Van Goghs rauchendes Skelett und Munchs kränkliche Sex-Landschaften: Die gruseligen Seiten großer Künstler offenbart | Malerei

Man könnte Halloween als nicht viel mehr als Kinder, die als Geister verkleidet sind, die Süßigkeiten verlangen und klebrige Fingerabdrücke an Türklingeln hinterlassen, abtun. Aber wir alle sind anfällig für die schauerliche Umarmung des Übernatürlichen, zumindest wenn es uns in der verführerischen Gestalt des Gotischen begegnet. Wir scheinen uns nie daran zu satt zu sehen. Tatsächlich könnte es an der Zeit sein, dass wir dieses Idiom als das erkennen, was es ist: der Stil, der nicht stirbt.

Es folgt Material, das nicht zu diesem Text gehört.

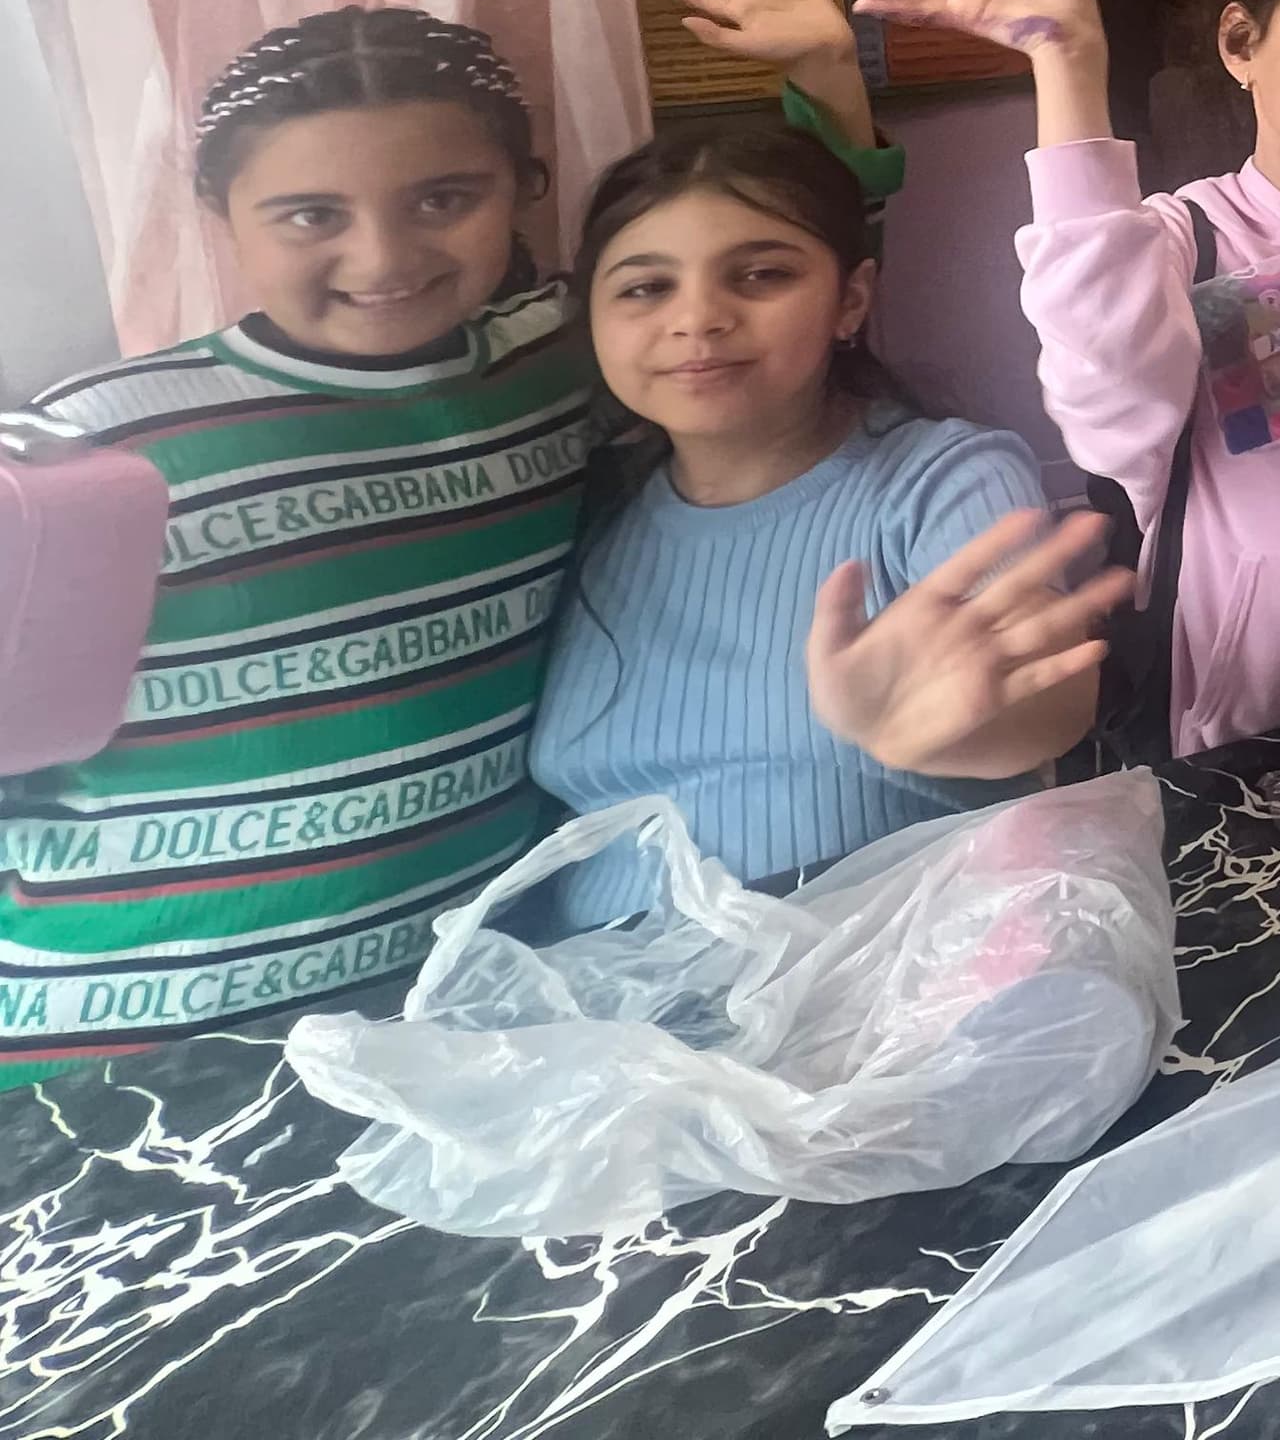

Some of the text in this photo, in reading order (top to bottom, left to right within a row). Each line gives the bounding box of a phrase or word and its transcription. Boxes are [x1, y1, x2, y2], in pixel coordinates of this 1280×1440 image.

[162, 464, 495, 564] LCE&GABBANA
[143, 595, 513, 714] DOLCE&GABBANA
[130, 746, 523, 863] DOLCE&GABBANA

Madonna und Kind von Marianne Stokes (1909). Foto: Todd-White Art/Wolverhampton Art Gallery

Das Gotische begann als das architektonische Musterbuch, das die großen mittelalterlichen Kathedralen und Kirchen Europas ausstattete, alles mit Flugbögen und spitzbögen. Aber es geriet nach der Reformation in Ungnade, als es als ein gotteslästerlicher Auswuchs des Papsttums angesehen wurde. Heinrich VIII. plünderte die Kirchen und Klöster, und diese „kahlen, verfallenen Chöre“, wie Shakespeare sie nannte, wurden zum Schauplatz von Geschichten über Sex und Tod und das Okkulte, vom Barden selbst und anderen.

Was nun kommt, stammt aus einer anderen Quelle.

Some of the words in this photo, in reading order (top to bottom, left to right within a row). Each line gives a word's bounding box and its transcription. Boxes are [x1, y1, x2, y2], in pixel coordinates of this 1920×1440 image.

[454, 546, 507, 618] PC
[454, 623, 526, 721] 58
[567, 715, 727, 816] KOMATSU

Als das Gotische reif war für eine Neubewertung durch die Romantiker, waren viele seiner historischen Stätten Ruinen – und nichts hätte Wordsworth, Coleridge und Turner mehr erfreut. Die alten Marmore schienen Repositorien des Erhabenen zu sein, einer numinösen Qualität, die starke Gefühle beim Betrachter hervorrufen konnte. Sie waren eine Zuflucht vor dem Lärm des anbrechenden Industriezeitalters. Der erste gotische Roman war Horace Walpoles „Das Schloss von Otranto“, veröffentlicht 1764. Bram Stoker schrieb Dracula, Mary Shelley hauchte Frankensteins Monster Leben ein, und diese und andere gotische Abscheulichkeiten haben die Populärkultur seitdem durchstreift, Blut und Halsbolzen hinter sich herziehend, Heugabeln und Pfähle durch das Herz überlebend, endlos neu erfunden für Nervenkitzel, für Lacher, für Musicals und Cartoons und Kühlschrankmagnete.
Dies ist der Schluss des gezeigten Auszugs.